Ahmad gives a rare voice to this forbidden region’s human collateral as he follows the wanderings of a boy named Tor Baz – the Black Falcon – through its many different, complex cultures and honour-bound societies.
Ahmad writes of a region pre-Taliban, but its roots are plain to see in a land where ‘imputation of immorality meant certain death’, and whose relentless hardships breed a perverted if somewhat understandable sense of justice:
‘Despite their differences, the two tribes [Mahsuds and Wazirs] share more than merely their common heritage of poverty and misery. Nature has bred in both an unusual abundance of anger, enormous resilience, and a total refusal to accept their fate. If nature provides them with food for only ten days in a year, they believe it their right to demand the rest of their sustenance from their fellow men who live oily, fat and comfortable lives in the plains. To both tribes, survival is the ultimate virtue. In neither community is any stigma attached to a hired assassin, a thief, a kidnapper or an informer.’
The region is changing. Governments are beginning to patch up their porous borders, threatening to irrevocably alter the lifestyles of the wandering tribes who have migrated between mountains and plains for centuries. The young are beginning to look less towards their elders and more to the distant cousins who have grown rich selling opium in the city.

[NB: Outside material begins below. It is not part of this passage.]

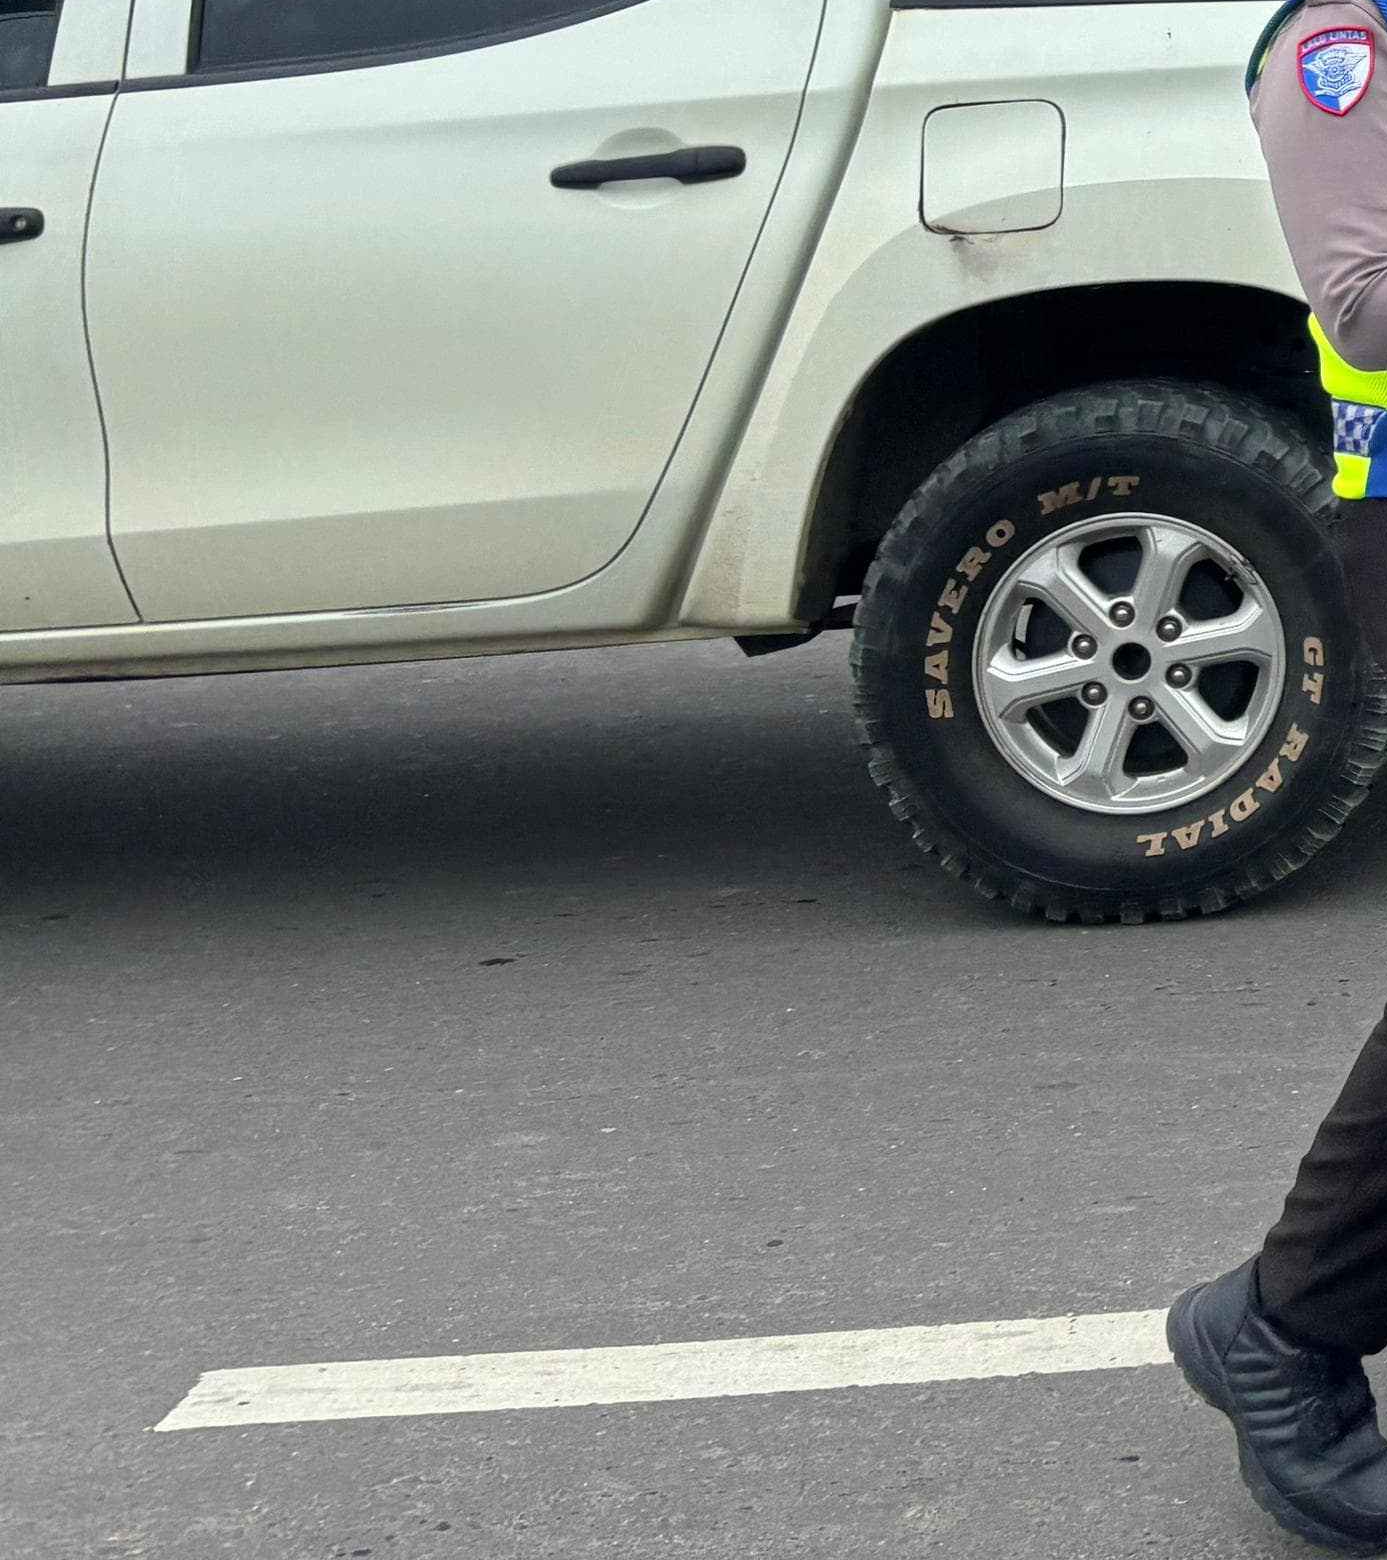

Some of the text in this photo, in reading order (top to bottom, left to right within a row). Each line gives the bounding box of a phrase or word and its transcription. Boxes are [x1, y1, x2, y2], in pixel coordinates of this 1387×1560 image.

Ahmad captures this creeping change through an extraordinarily successful narrative device, in which the wanderings of Tor Baz act as a conduit for the author to shine his light on each new tribe or clan in turn: often, that is where the role of Tor Baz ends, as the story loops away to engage others before we meet him again, often chapters later, elsewhere. This clever conceit enables the author to stay true to the traditional storytelling techniques of the region, at the same time deftly weaving in elements of a more modern, character-driven tale.
Ahmad’s book laid unpublished for thirty years before his wife convinced him to seek publication. Now 78, Ahmad, who served in the border regions as a member of the Civil Service of Pakistan and later as minister in the Pakistani Embassy in Kabul, has been rewarded with a longlisting for the prestigious MAN Asian Literary Prize.
‘The Wandering Falcon’ is a deeply affecting book which provides a riveting insight into an area which the West is all too ready to write off as a vast outdoor training school for bandits and bombers. What Ahmad has, in fact, crafted out of this land of endless dust-storms and unforgiving mountain ranges is a beautiful testament to the triumph of the human spirit.